What you have to do: Copy all lines below exactly as written. Leave pictures out.

===== Working data

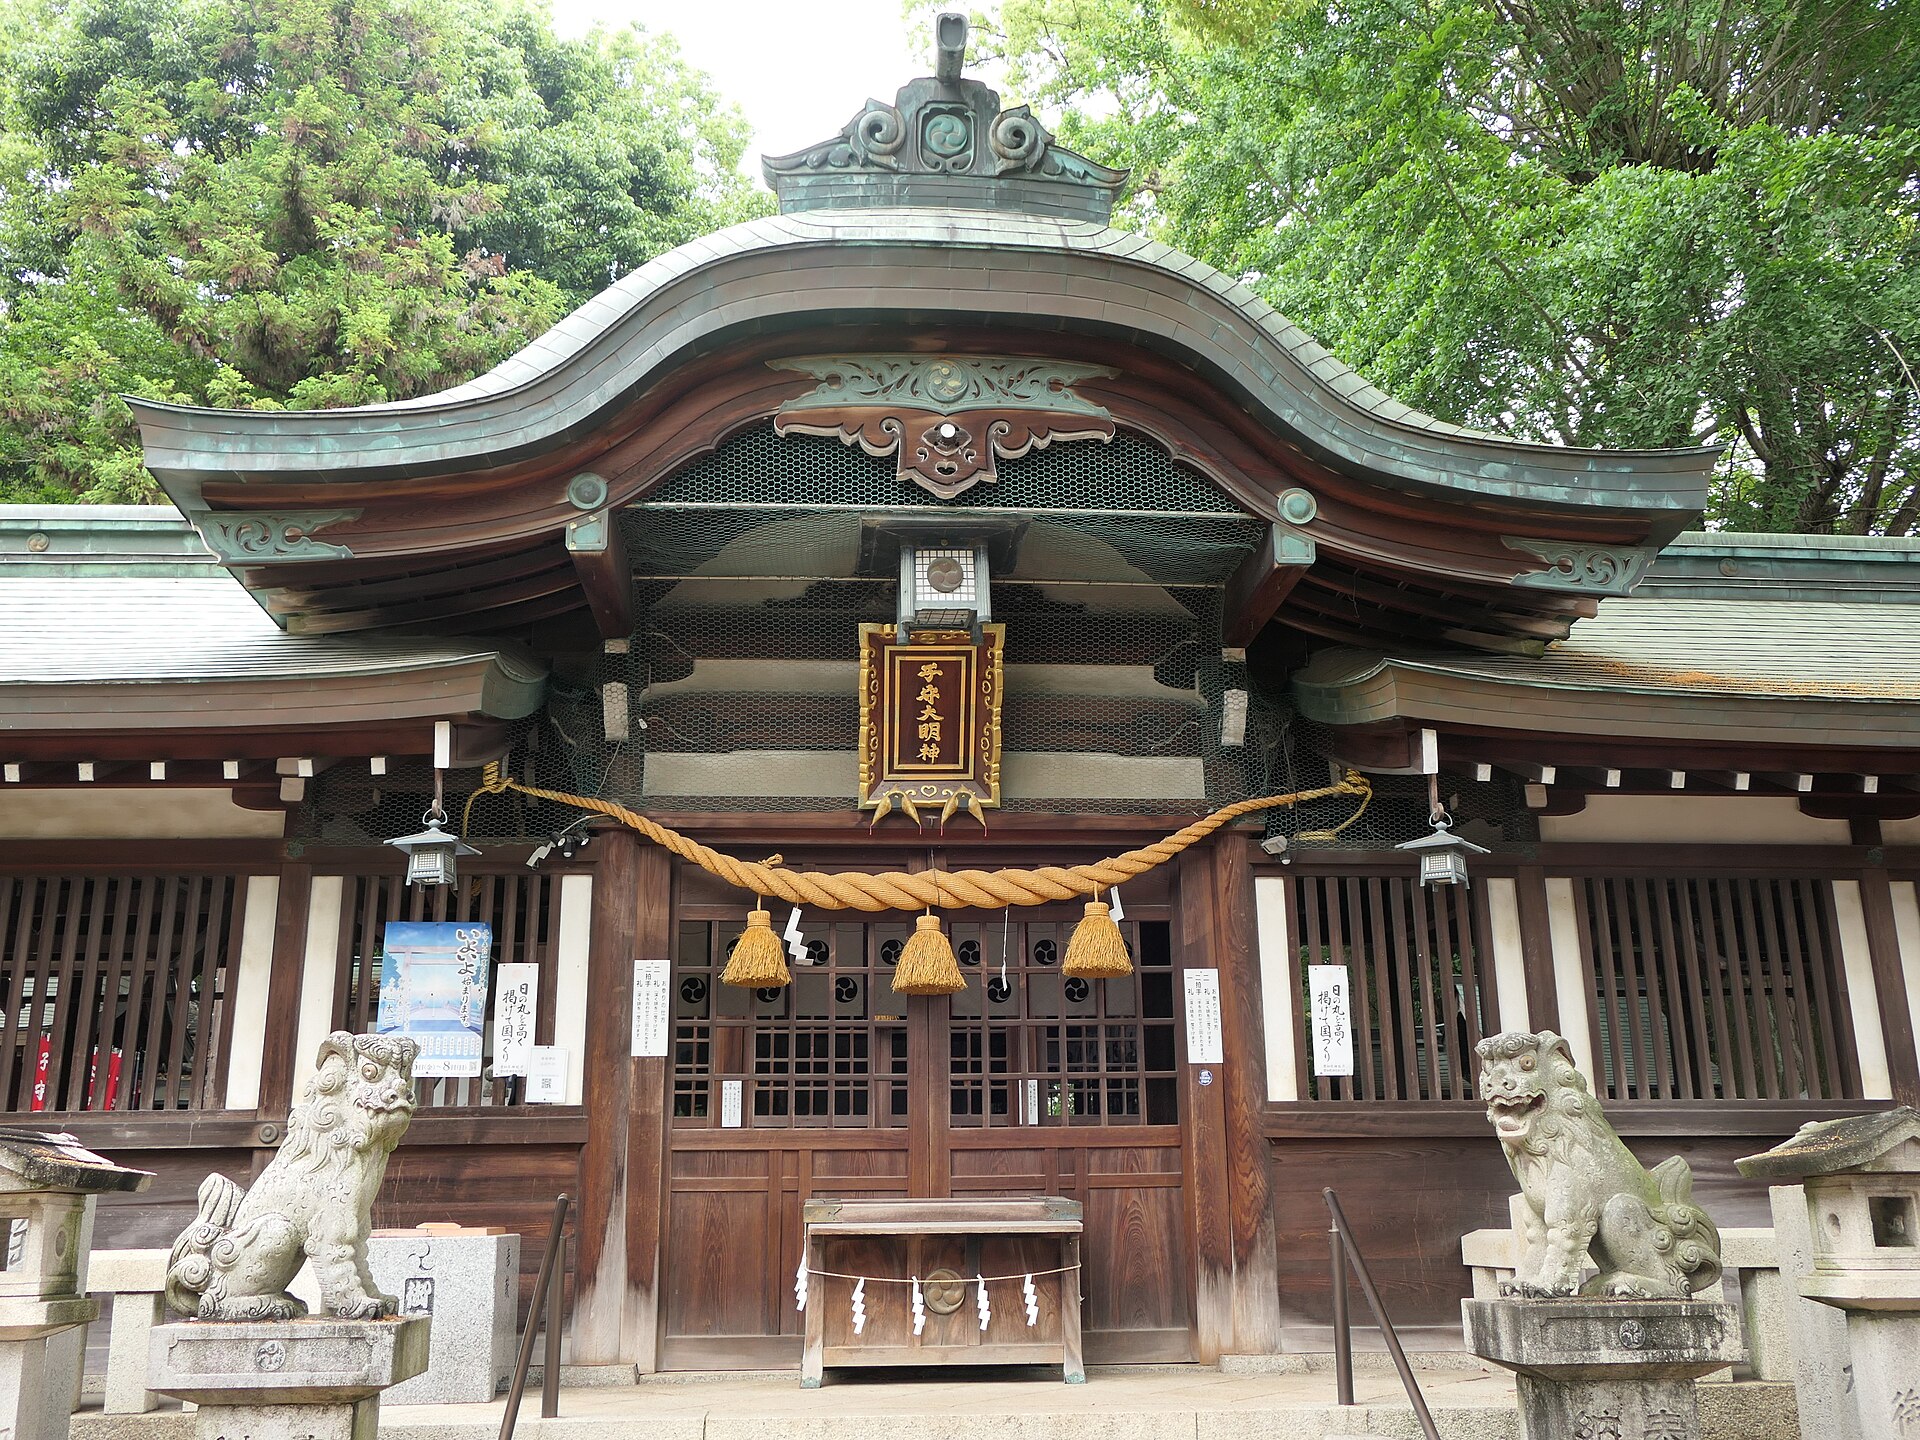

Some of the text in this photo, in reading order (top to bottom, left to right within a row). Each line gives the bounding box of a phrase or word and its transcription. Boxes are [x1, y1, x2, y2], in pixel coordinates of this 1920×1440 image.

[916, 662, 944, 765] 子守大明神
[516, 982, 531, 1047] 日の丸を高く
[1332, 984, 1345, 1047] 日の丸を高く
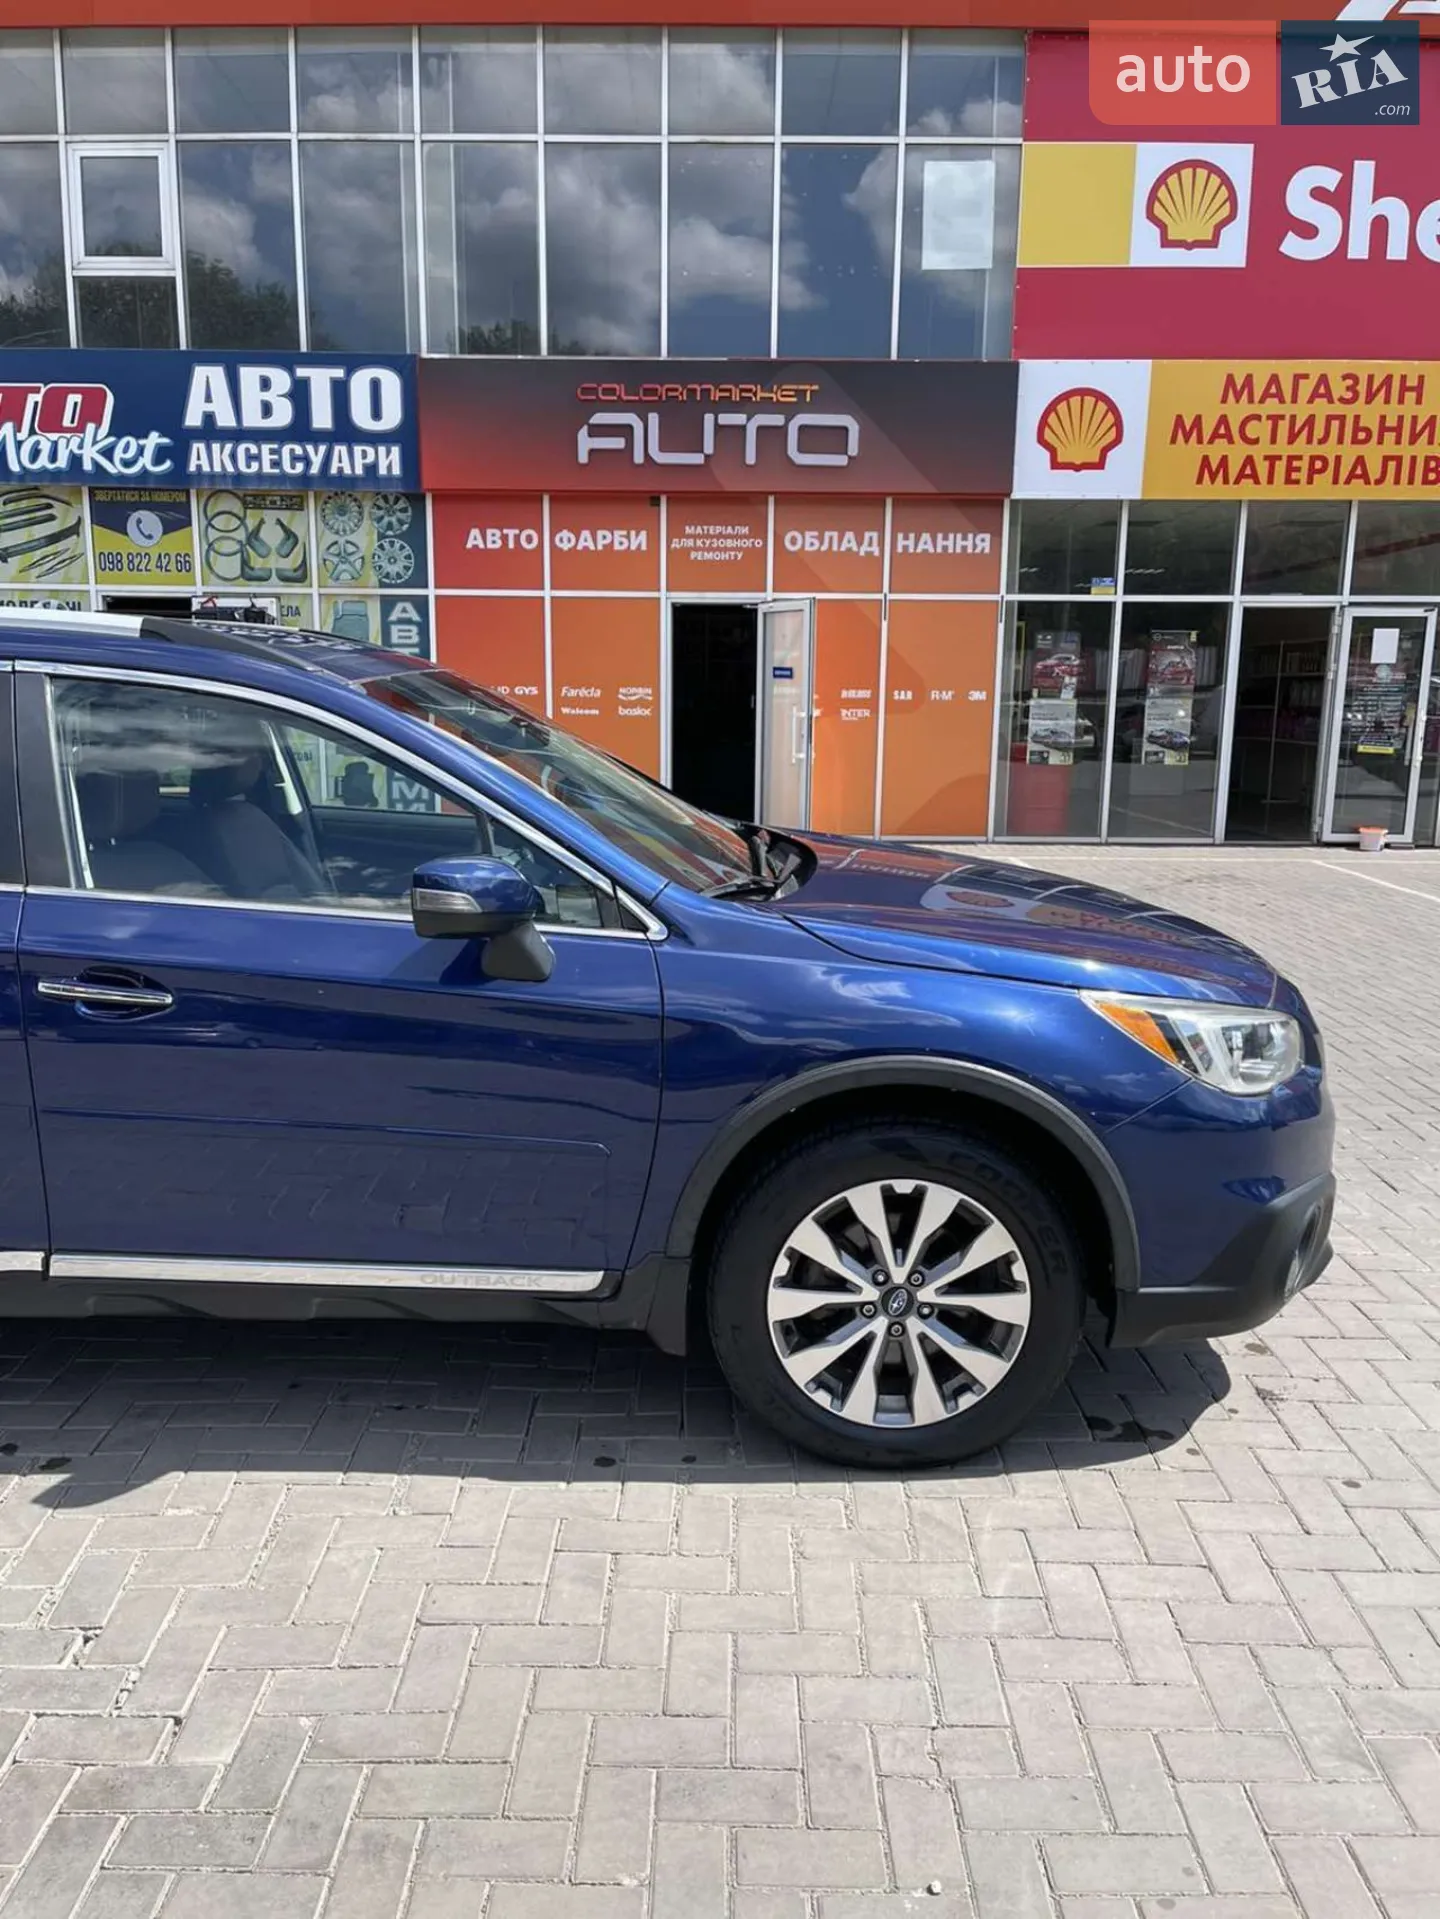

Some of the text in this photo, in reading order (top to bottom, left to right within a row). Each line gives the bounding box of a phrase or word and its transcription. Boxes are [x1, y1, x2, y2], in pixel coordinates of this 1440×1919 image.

==========

The answer:
Some of the text in this photo, in reading order (top to bottom, left to right within a row). Each line gives the bounding box of a phrase or word and its transcription. Boxes are [x1, y1, x2, y2], in pixel coordinates of this 1920×1440 image.

[916, 662, 944, 765] 子守大明神
[516, 982, 531, 1047] 日の丸を高く
[1332, 984, 1345, 1047] 日の丸を高く

Some of the text in this photo, in reading order (top to bottom, left to right within a row). Each line gives the bounding box of a phrase or word and its transcription. Boxes are [x1, y1, x2, y2], in pixel coordinates of this 1440×1919 image.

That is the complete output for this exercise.